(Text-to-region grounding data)
•••••

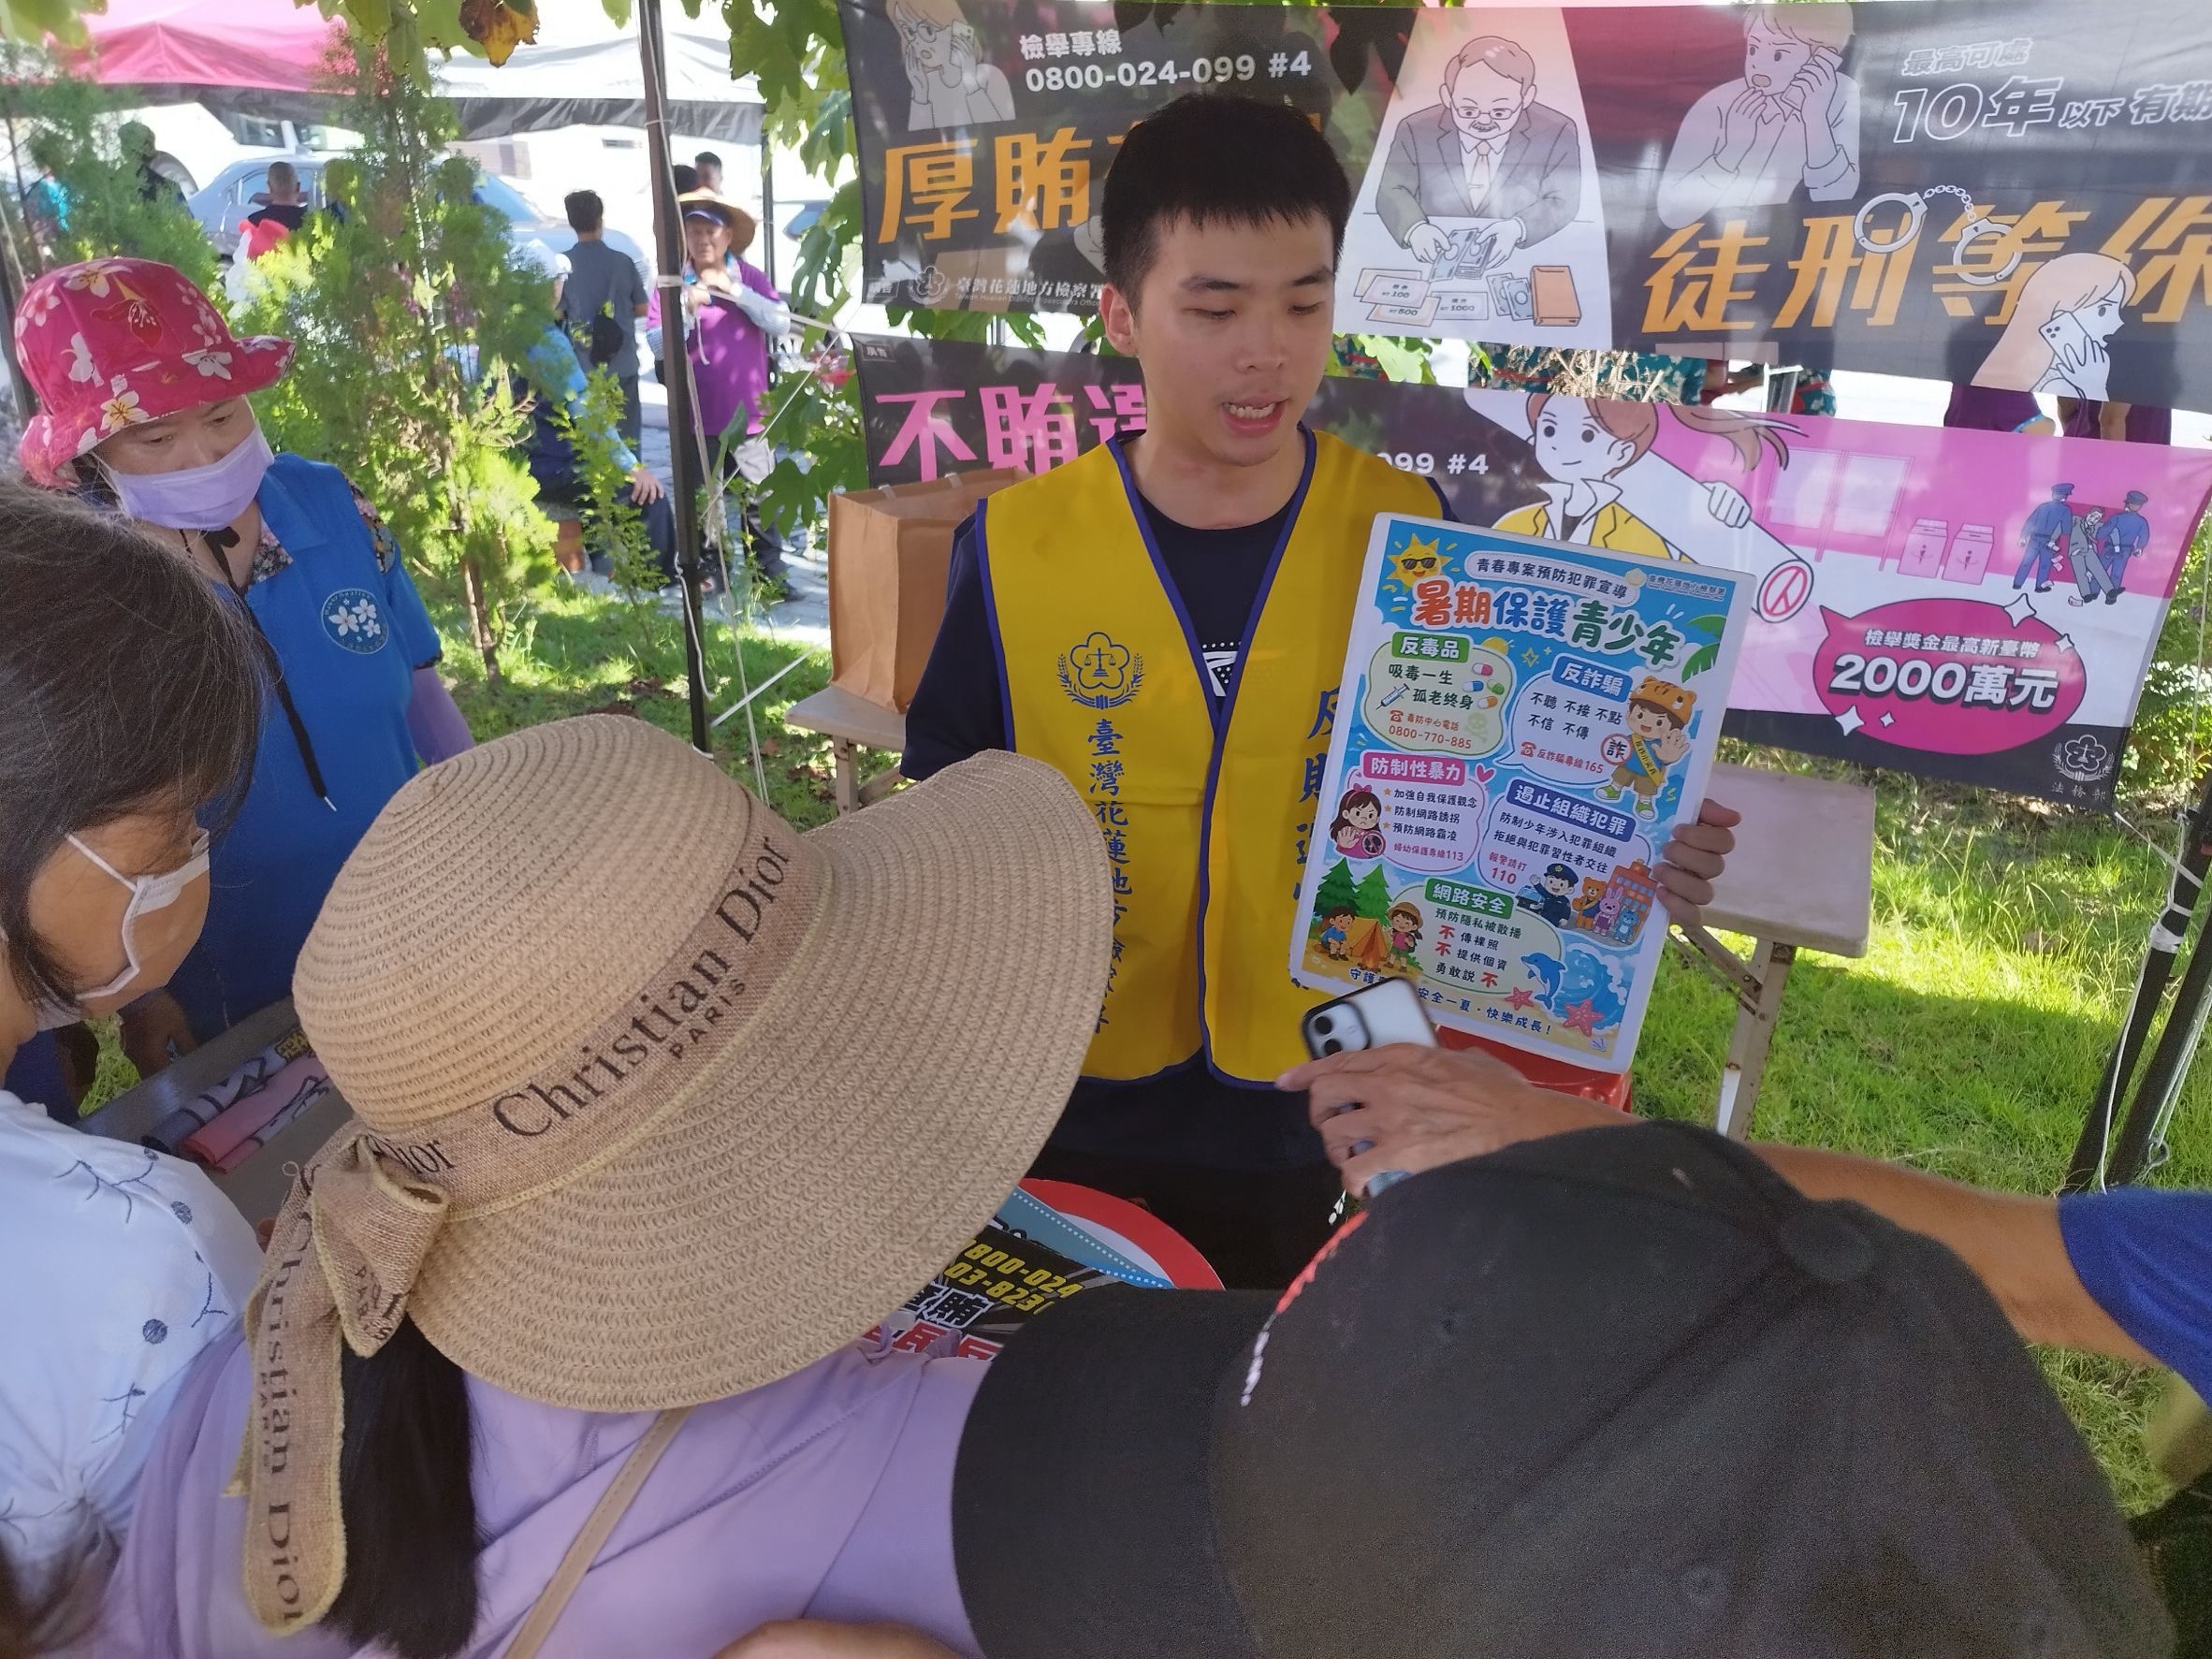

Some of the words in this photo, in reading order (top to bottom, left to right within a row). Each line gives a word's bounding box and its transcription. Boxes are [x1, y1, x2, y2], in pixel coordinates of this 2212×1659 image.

[1019, 28, 1122, 60] 檢舉專線
[1901, 37, 2034, 76] 最高可處
[1026, 54, 1256, 93] 0800-024-099
[1268, 51, 1311, 79] #4
[879, 127, 1125, 244] 厚賄
[1448, 453, 1489, 475] #4
[1477, 559, 1628, 599] 青春專案預防犯罪宣導
[1414, 579, 1681, 665] 暑期保護青少年
[1399, 636, 1461, 660] 反毒品
[1864, 629, 2041, 659] 檢舉獎金最高新臺幣
[1389, 663, 1453, 686] 吸毒一生
[1560, 662, 1623, 697] 反詐騙
[1830, 654, 2059, 709] 2000萬元
[1412, 688, 1474, 710] 孤老終身
[1389, 725, 1472, 749] 0800-770-885
[1371, 757, 1461, 781] 防制性暴力
[1393, 788, 1477, 808] 加強自我保護觀念
[1515, 784, 1627, 836] 遏止組織犯罪
[1394, 806, 1460, 824] 防制網路誘拐
[1493, 829, 1609, 874] 拒絕與犯罪習性者交往
[1499, 811, 1618, 859] 防制少年涉入犯罪組織
[1491, 866, 1517, 885] 110
[1433, 882, 1506, 914] 網路安全
[1435, 908, 1522, 939] 預防隱私被散播
[492, 948, 733, 1138] Christian
[714, 836, 791, 945] Dior
[668, 978, 748, 1059] PARIS
[965, 1239, 1084, 1299] 800-024

•••••

[Task]:
Excluding the pictures, reproduce every entry exactly as given.

[Written response]:
Some of the words in this photo, in reading order (top to bottom, left to right within a row). Each line gives a word's bounding box and its transcription. Boxes are [x1, y1, x2, y2], in pixel coordinates of this 2212×1659 image.

[1019, 28, 1122, 60] 檢舉專線
[1901, 37, 2034, 76] 最高可處
[1026, 54, 1256, 93] 0800-024-099
[1268, 51, 1311, 79] #4
[879, 127, 1125, 244] 厚賄
[1448, 453, 1489, 475] #4
[1477, 559, 1628, 599] 青春專案預防犯罪宣導
[1414, 579, 1681, 665] 暑期保護青少年
[1399, 636, 1461, 660] 反毒品
[1864, 629, 2041, 659] 檢舉獎金最高新臺幣
[1389, 663, 1453, 686] 吸毒一生
[1560, 662, 1623, 697] 反詐騙
[1830, 654, 2059, 709] 2000萬元
[1412, 688, 1474, 710] 孤老終身
[1389, 725, 1472, 749] 0800-770-885
[1371, 757, 1461, 781] 防制性暴力
[1393, 788, 1477, 808] 加強自我保護觀念
[1515, 784, 1627, 836] 遏止組織犯罪
[1394, 806, 1460, 824] 防制網路誘拐
[1493, 829, 1609, 874] 拒絕與犯罪習性者交往
[1499, 811, 1618, 859] 防制少年涉入犯罪組織
[1491, 866, 1517, 885] 110
[1433, 882, 1506, 914] 網路安全
[1435, 908, 1522, 939] 預防隱私被散播
[492, 948, 733, 1138] Christian
[714, 836, 791, 945] Dior
[668, 978, 748, 1059] PARIS
[965, 1239, 1084, 1299] 800-024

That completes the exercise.